-- Problem statement --
A verbatim copy of the data below is the required output.

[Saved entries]

- - - - -

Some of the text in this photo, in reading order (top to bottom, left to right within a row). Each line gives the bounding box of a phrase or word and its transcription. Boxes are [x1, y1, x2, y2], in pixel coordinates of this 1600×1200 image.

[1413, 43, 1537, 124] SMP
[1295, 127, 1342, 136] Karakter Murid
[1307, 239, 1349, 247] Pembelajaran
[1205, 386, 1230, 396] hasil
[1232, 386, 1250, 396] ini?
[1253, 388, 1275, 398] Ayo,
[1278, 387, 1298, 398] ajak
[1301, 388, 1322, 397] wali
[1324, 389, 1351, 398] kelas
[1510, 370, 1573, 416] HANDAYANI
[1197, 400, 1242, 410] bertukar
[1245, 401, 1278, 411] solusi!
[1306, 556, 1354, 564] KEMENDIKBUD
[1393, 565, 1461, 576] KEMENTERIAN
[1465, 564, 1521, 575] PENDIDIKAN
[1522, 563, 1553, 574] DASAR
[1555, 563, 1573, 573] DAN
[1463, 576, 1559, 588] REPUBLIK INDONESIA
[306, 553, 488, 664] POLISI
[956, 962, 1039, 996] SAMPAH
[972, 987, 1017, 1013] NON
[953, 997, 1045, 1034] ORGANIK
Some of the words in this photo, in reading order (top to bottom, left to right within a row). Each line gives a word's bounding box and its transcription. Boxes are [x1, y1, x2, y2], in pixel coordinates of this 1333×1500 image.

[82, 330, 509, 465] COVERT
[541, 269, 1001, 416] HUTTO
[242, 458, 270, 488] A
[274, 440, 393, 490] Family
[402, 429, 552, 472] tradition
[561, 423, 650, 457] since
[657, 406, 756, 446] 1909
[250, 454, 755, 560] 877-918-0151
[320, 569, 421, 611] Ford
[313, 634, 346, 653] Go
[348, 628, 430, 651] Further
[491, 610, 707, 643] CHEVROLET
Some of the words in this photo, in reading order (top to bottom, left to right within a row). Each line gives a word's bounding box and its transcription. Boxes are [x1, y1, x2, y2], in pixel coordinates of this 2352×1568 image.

- - - - -

-- Solution to this problem --
Some of the text in this photo, in reading order (top to bottom, left to right within a row). Each line gives the bounding box of a phrase or word and its transcription. Boxes are [x1, y1, x2, y2], in pixel coordinates of this 1600×1200 image.

[1413, 43, 1537, 124] SMP
[1295, 127, 1342, 136] Karakter Murid
[1307, 239, 1349, 247] Pembelajaran
[1205, 386, 1230, 396] hasil
[1232, 386, 1250, 396] ini?
[1253, 388, 1275, 398] Ayo,
[1278, 387, 1298, 398] ajak
[1301, 388, 1322, 397] wali
[1324, 389, 1351, 398] kelas
[1510, 370, 1573, 416] HANDAYANI
[1197, 400, 1242, 410] bertukar
[1245, 401, 1278, 411] solusi!
[1306, 556, 1354, 564] KEMENDIKBUD
[1393, 565, 1461, 576] KEMENTERIAN
[1465, 564, 1521, 575] PENDIDIKAN
[1522, 563, 1553, 574] DASAR
[1555, 563, 1573, 573] DAN
[1463, 576, 1559, 588] REPUBLIK INDONESIA
[306, 553, 488, 664] POLISI
[956, 962, 1039, 996] SAMPAH
[972, 987, 1017, 1013] NON
[953, 997, 1045, 1034] ORGANIK
Some of the words in this photo, in reading order (top to bottom, left to right within a row). Each line gives a word's bounding box and its transcription. Boxes are [x1, y1, x2, y2], in pixel coordinates of this 1333×1500 image.

[82, 330, 509, 465] COVERT
[541, 269, 1001, 416] HUTTO
[242, 458, 270, 488] A
[274, 440, 393, 490] Family
[402, 429, 552, 472] tradition
[561, 423, 650, 457] since
[657, 406, 756, 446] 1909
[250, 454, 755, 560] 877-918-0151
[320, 569, 421, 611] Ford
[313, 634, 346, 653] Go
[348, 628, 430, 651] Further
[491, 610, 707, 643] CHEVROLET
Some of the words in this photo, in reading order (top to bottom, left to right within a row). Each line gives a word's bounding box and its transcription. Boxes are [x1, y1, x2, y2], in pixel coordinates of this 2352×1568 image.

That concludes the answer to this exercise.